▸ YOUR TASK: Using the data below, reproduce exactly the lines from the line with "this 1600×1200 image." to the line with "this 1536×1365 image.", both included; pictures must be dropped.

▸ DATA FOR THE TASK:
===
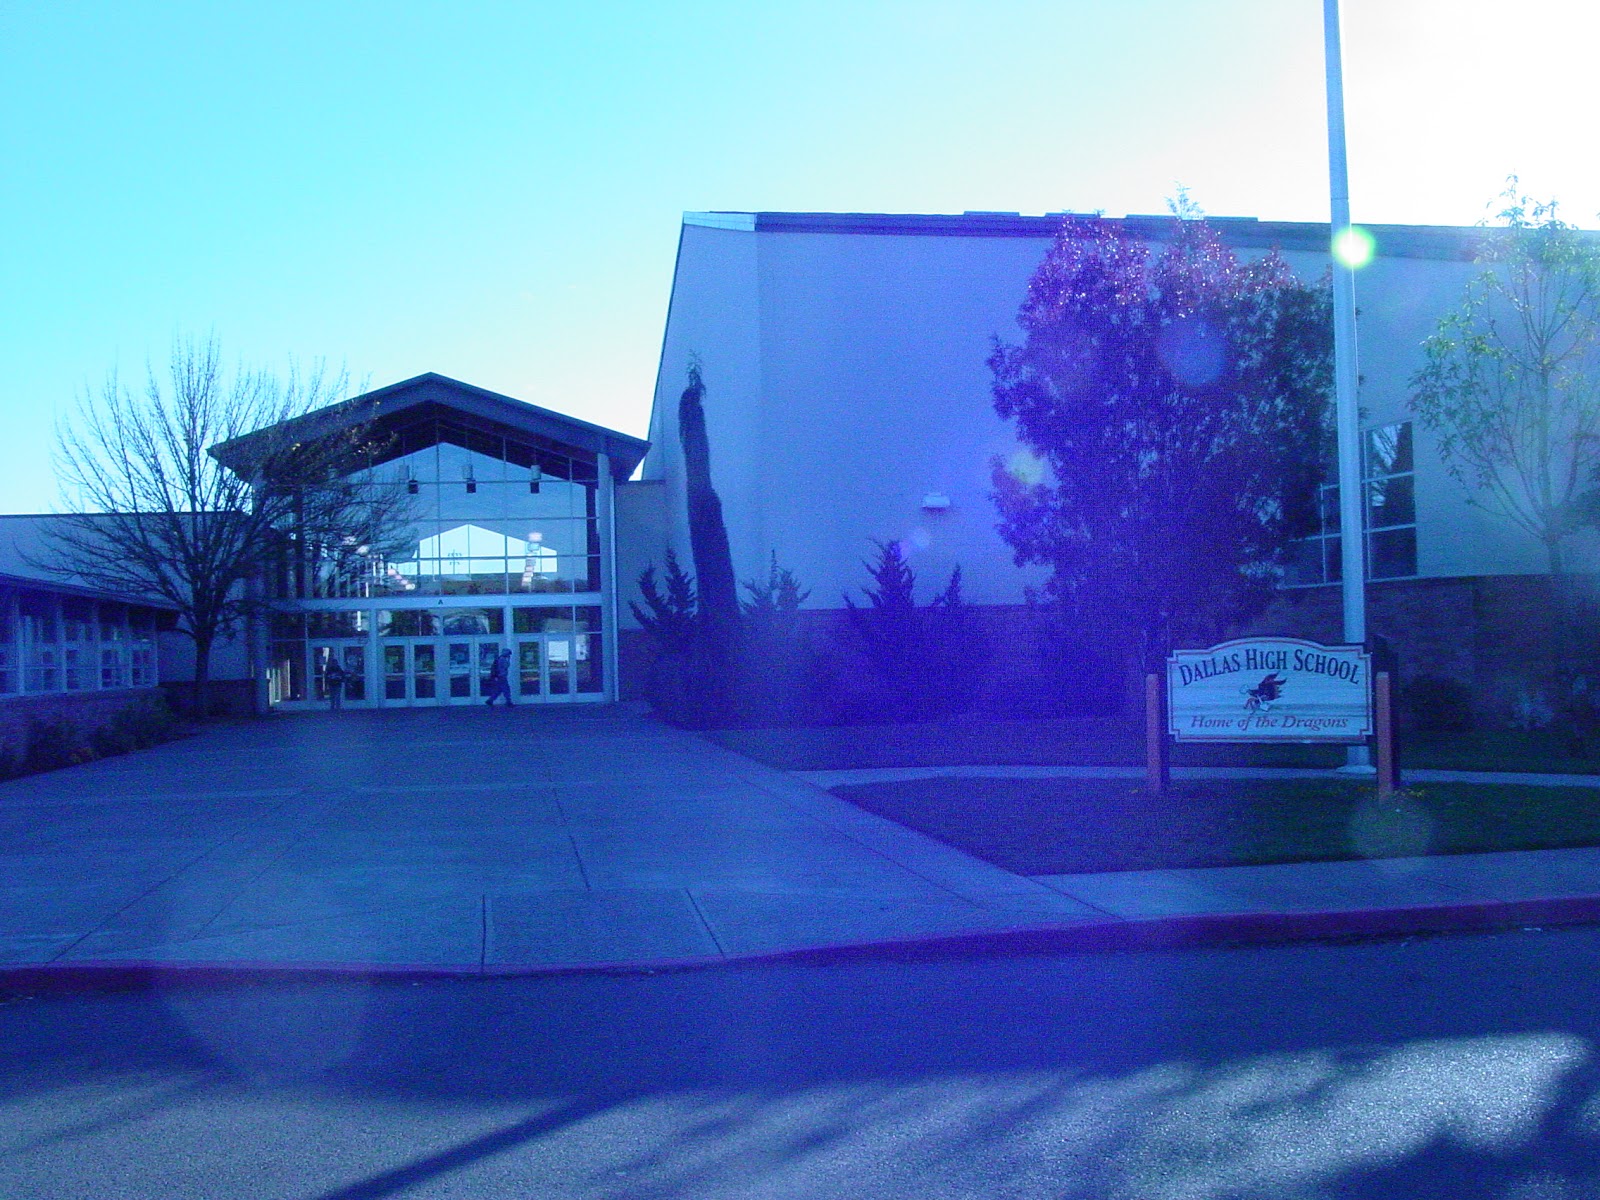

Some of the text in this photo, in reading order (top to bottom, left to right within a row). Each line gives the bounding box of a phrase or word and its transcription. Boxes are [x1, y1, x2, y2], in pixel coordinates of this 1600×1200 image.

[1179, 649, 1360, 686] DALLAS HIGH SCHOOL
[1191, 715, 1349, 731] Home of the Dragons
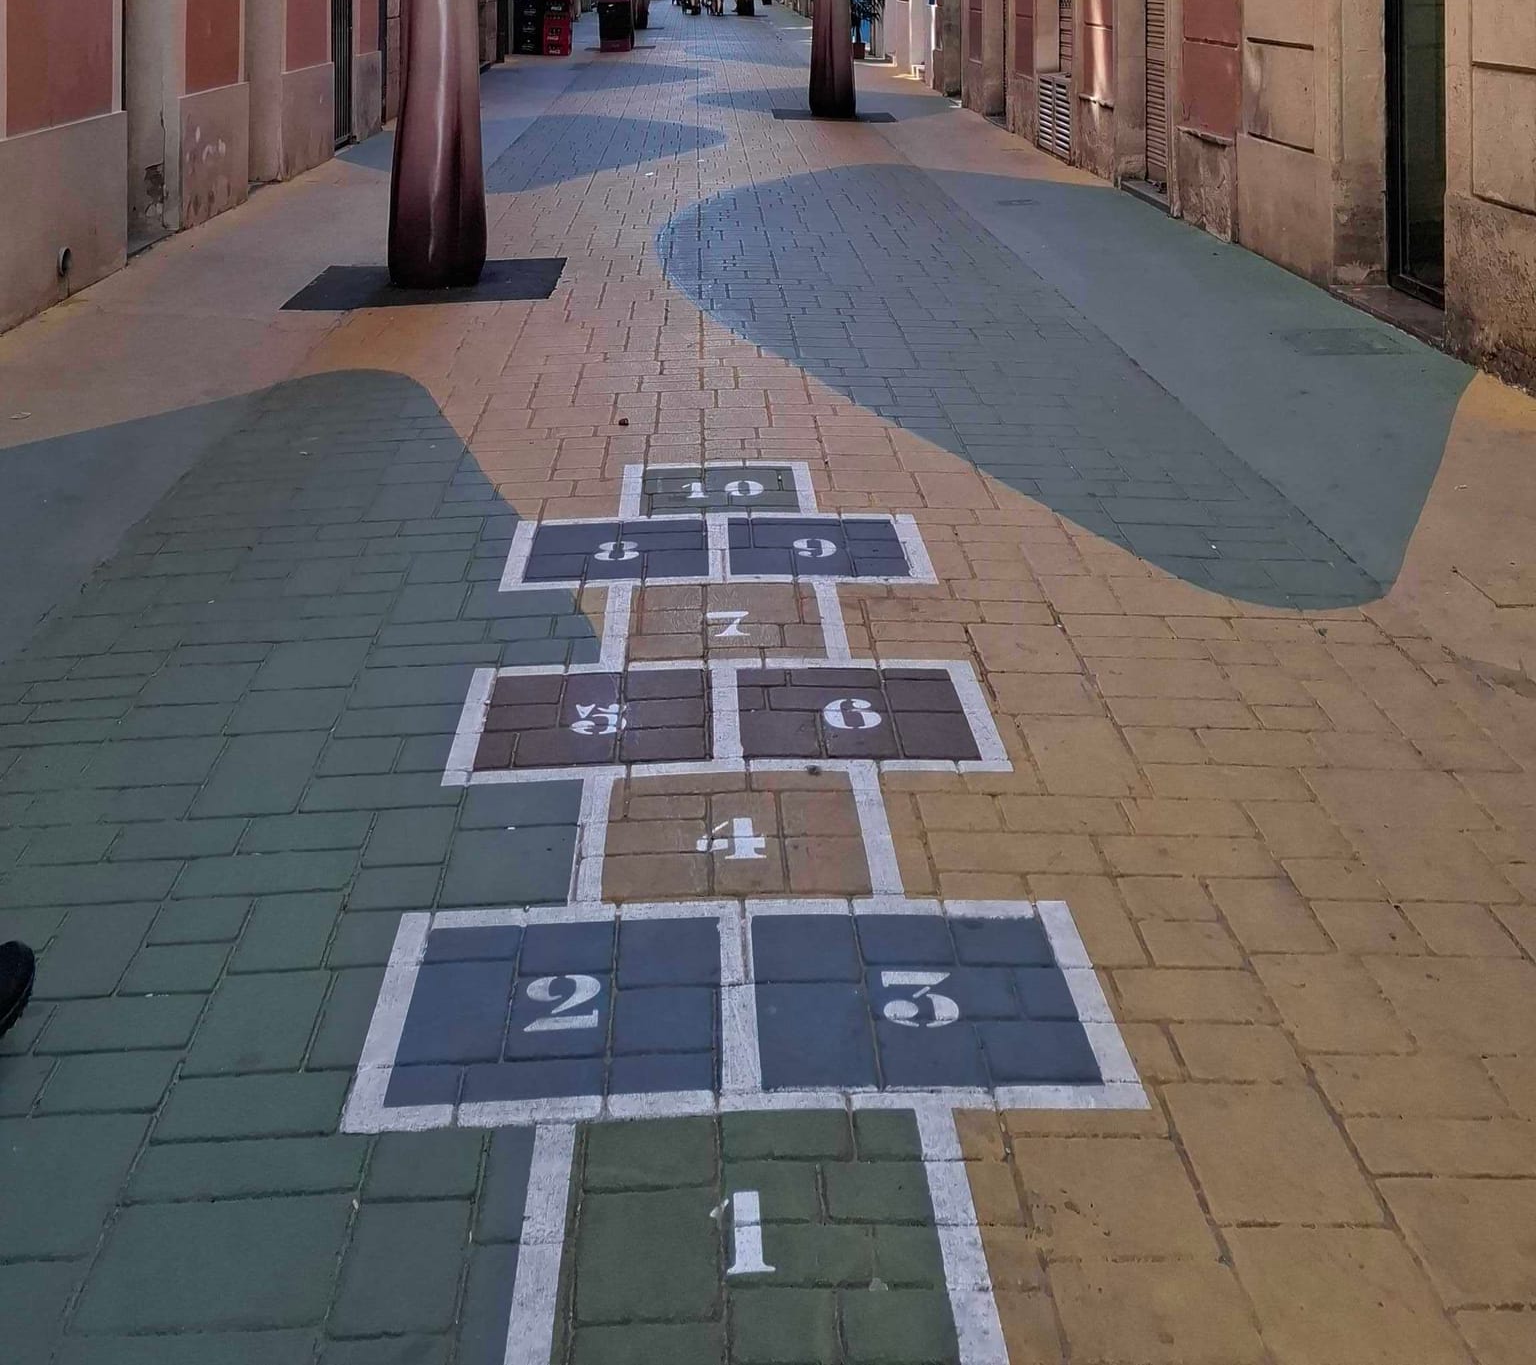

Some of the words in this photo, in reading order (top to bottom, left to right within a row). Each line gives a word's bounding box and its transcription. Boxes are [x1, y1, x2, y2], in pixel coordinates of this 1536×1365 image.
===
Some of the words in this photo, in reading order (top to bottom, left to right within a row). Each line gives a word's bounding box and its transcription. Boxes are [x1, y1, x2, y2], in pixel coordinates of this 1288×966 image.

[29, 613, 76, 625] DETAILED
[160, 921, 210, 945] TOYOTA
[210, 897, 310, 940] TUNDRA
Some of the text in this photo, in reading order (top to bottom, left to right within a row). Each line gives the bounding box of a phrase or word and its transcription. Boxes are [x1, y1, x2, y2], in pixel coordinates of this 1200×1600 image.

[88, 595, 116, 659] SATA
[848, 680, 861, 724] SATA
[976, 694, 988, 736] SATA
===
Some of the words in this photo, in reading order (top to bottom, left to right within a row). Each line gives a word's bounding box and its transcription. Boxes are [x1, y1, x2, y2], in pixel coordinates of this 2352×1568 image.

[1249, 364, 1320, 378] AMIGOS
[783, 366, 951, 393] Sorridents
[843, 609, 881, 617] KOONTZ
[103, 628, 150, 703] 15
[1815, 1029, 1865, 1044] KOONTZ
===
▸ WRITTEN REPLY:
Some of the text in this photo, in reading order (top to bottom, left to right within a row). Each line gives the bounding box of a phrase or word and its transcription. Boxes are [x1, y1, x2, y2], in pixel coordinates of this 1600×1200 image.

[1179, 649, 1360, 686] DALLAS HIGH SCHOOL
[1191, 715, 1349, 731] Home of the Dragons

Some of the words in this photo, in reading order (top to bottom, left to right within a row). Each line gives a word's bounding box and its transcription. Boxes are [x1, y1, x2, y2], in pixel coordinates of this 1536×1365 image.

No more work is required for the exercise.